En los últimos años, la inflamación se ha convertido en el fantasma que todo lo explica. Te duele la cabeza: inflamación. Te sientes cansado: inflamación. No te entra el vestido de hace dos años: inflamación. Y claro, influencers, gurús del bienestar y marcas de suplementos están felices: si todo inflama, necesitamos un producto o mejor varios, para desinflamarnos. Así que el pan, el café, los lácteos, el aire de la ciudad, el estrés, el mal dormir…  todo inflama y la lista, es tan larga, que a veces parece que vivir en el planeta Tierra es un factor de riesgo.

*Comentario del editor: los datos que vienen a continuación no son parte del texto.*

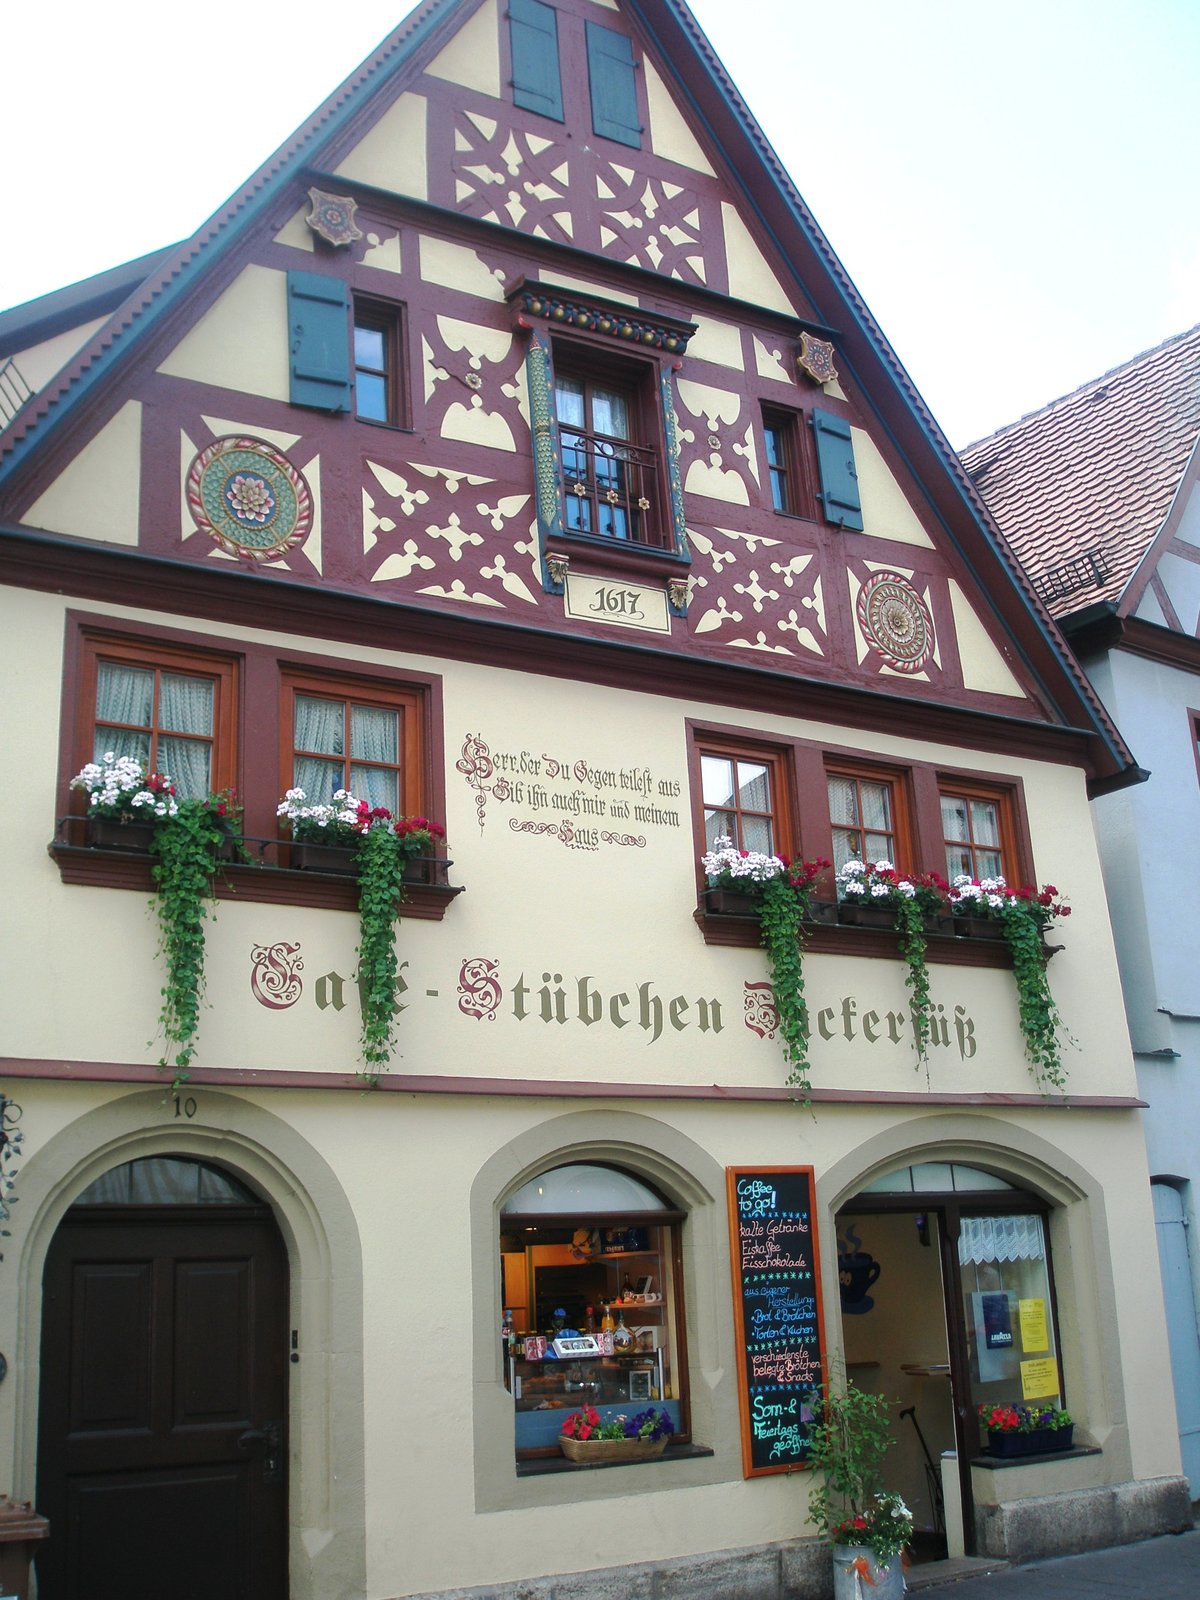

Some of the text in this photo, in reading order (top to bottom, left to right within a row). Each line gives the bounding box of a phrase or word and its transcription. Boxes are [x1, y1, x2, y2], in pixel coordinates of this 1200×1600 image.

[589, 587, 642, 614] 1617
[520, 751, 541, 777] der
[542, 754, 571, 781] Du
[658, 779, 681, 798] aus
[492, 777, 524, 804] Gib
[551, 790, 583, 816] auch
[582, 795, 606, 816] mir
[610, 800, 630, 819] und
[634, 802, 681, 828] meinem
[558, 819, 598, 847] Haus
[457, 958, 725, 1046] Stübchen
[173, 1096, 197, 1119] 10
[737, 1179, 774, 1199] Coffee
[738, 1196, 752, 1211] to
[739, 1218, 809, 1241] kalte Getränke
[742, 1239, 782, 1258] Eiskaffee
[742, 1252, 807, 1270] Eisschokolade
[744, 1282, 790, 1297] aus eigener
[754, 1309, 772, 1324] Brot
[782, 1308, 816, 1322] Brötchen
[754, 1325, 779, 1340] Torten
[787, 1324, 813, 1336] Kuchen
[751, 1343, 809, 1364] verschiedenste
[753, 1358, 821, 1379] belegte Brötchen
[753, 1419, 798, 1440] Feiertags
[769, 1435, 811, 1460] geöffne

El problema de estas simplificaciones es que perdemos de vista que la inflamación es también nuestra aliada más antigua. El término viene del latín inflammare, “prender fuego”, y no es metáfora: a nivel celular es exactamente eso. Un incendio controlado: aumenta el flujo sanguíneo, se dilatan los vasos, las células de defensa llegan en tropel, se liberan moléculas señalizadoras… todo para reparar un daño o eliminar una amenaza. Esa es la inflamación aguda: intensa, breve y necesaria. Sin ella, un rasguño, una fractura o una infección podría costarte la vida.

El problema real es otro: la inflamación crónica de bajo grado. Esa que no da fiebre, no enrojece, no avisa… pero no se apaga nunca. Un fuego lento que consume despacio y produce un humo invisible que daña silenciosamente. Estudios como el Nurses’ Health Study y el Framingham Heart Study han demostrado que niveles persistentemente elevados de sustancias que se producen por inflamación crónica,  aumentan el riesgo de infartos, diabetes tipo 2, deterioro cognitivo e incluso ciertos cánceres.

En México, la ENSANUT 2021 señala que el 75% de la población adulta tiene sobrepeso u obesidad. Y aquí viene el dato incómodo: el tejido adiposo no es una bodega pasiva de energía; es un órgano activo que fabrica y libera sustancias inflamatorias. Traducido: millones de personas viven con su sistema inmune ligeramente encendido las 24 horas, todos los días.